The small footprints led her on and on. Narrow, the heel lightly indented, the toes pushing off strongly. Seventh months pregnant, Li had felt a kick and looked down and seen the underside of a whole foot pressing out against the skin high on her belly: heel, toes, everything. Thought, What are you so ready for?
Matti would have got on the bus in the one-size-too-big green and purple trainers they’d scored from a relief dump at makecamp after her old ones wore through. It was hard to think about her on the road with shoes that didn’t fit but Li thought about it, talked to Matti as she walked. I’m coming I’m still coming, don’t do anything stupid. Hold on.
She looked up sometimes to check the shine ahead of her. It widened slowly from a bright line to something that held the sky. She saw the distant shapes of birds and heard them calling.
The southern shore of the lakebed had been picked clean of firewood, but out here there were branches carried down by northern rivers in flood and stranded on the salt pan. Her stick sent warnings through the ground. Lizards got out of her way, and once a snake. She gathered up wood into small heaps to collect on the way back. There were colonies of ants and grubs and beetles, whole ecosystems in the wood. Maybe she could eat some of them or use them for bait. Val would have known. Then she thought about fish traps.
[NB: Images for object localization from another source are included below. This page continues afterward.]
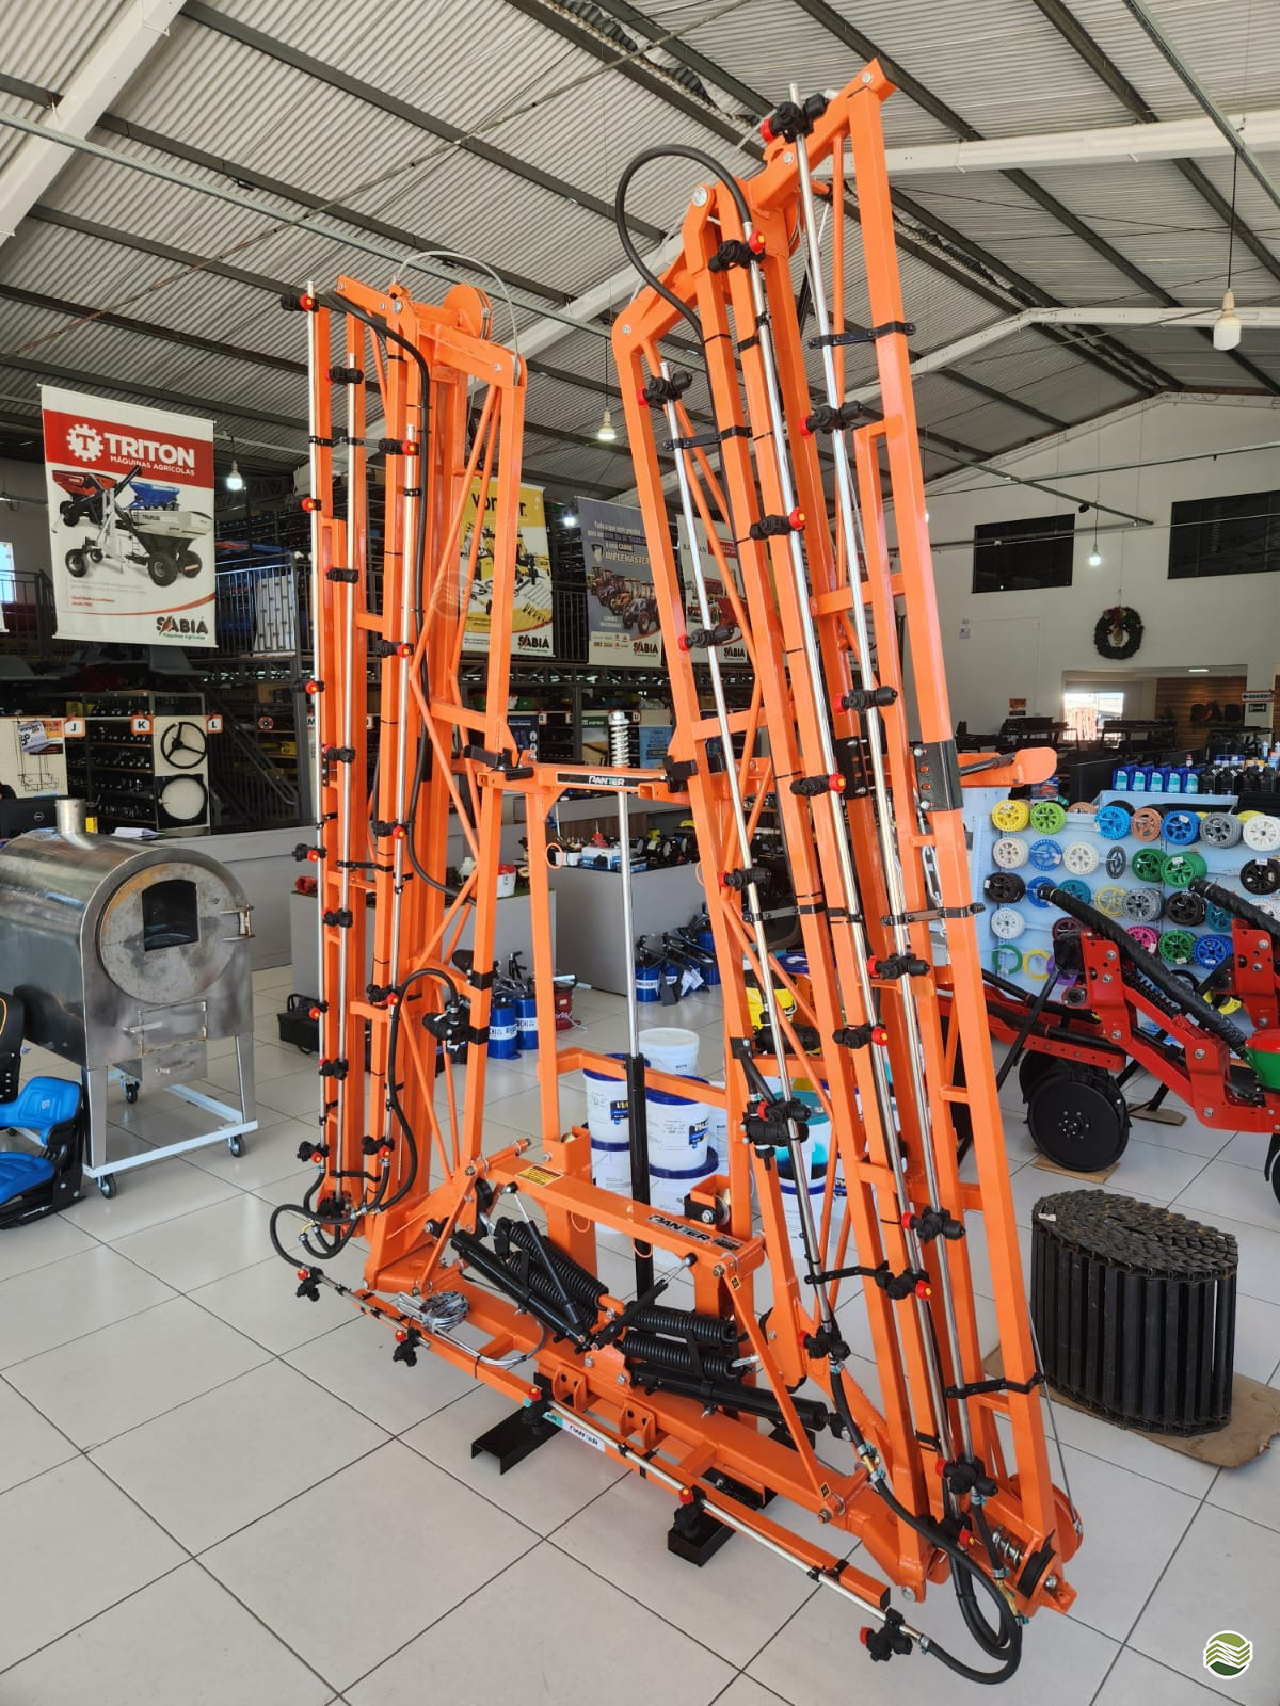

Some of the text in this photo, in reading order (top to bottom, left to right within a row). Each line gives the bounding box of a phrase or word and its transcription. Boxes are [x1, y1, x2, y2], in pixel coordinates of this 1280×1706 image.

[104, 433, 195, 467] TRITON
[70, 722, 77, 731] J
[138, 721, 145, 729] K
[211, 721, 218, 729] L
[648, 1214, 711, 1242] PANTER
For the last part of the walk she watched the shine coming to meet her. Beyond it, a long way north, black smoke funnelling up to the sky. Grassfires in the sacrifice zone or burning toxic waste, or whatever the fuck they still did up there.
* * *
At the edge of the water the footprints kept going, walked right in. Li eased herself down on the salt and stared at the place where they disappeared. All the way here she had felt Matti beside her but her child’s feet had not made those prints. Matti hadn’t walked into the water. Matti couldn’t swim.
It took a few moments to really see the lake, the flat pink skin of it, the small shivers, the way it contained the clouds. She lay down and put her face close to it, breathing the wet silty smell under the salt, like the rivers that flowed in West when she was a child. It wasn’t drinkable yet but there was so much of it. Movement in the water, birds calling from further north. A place like this, you could live.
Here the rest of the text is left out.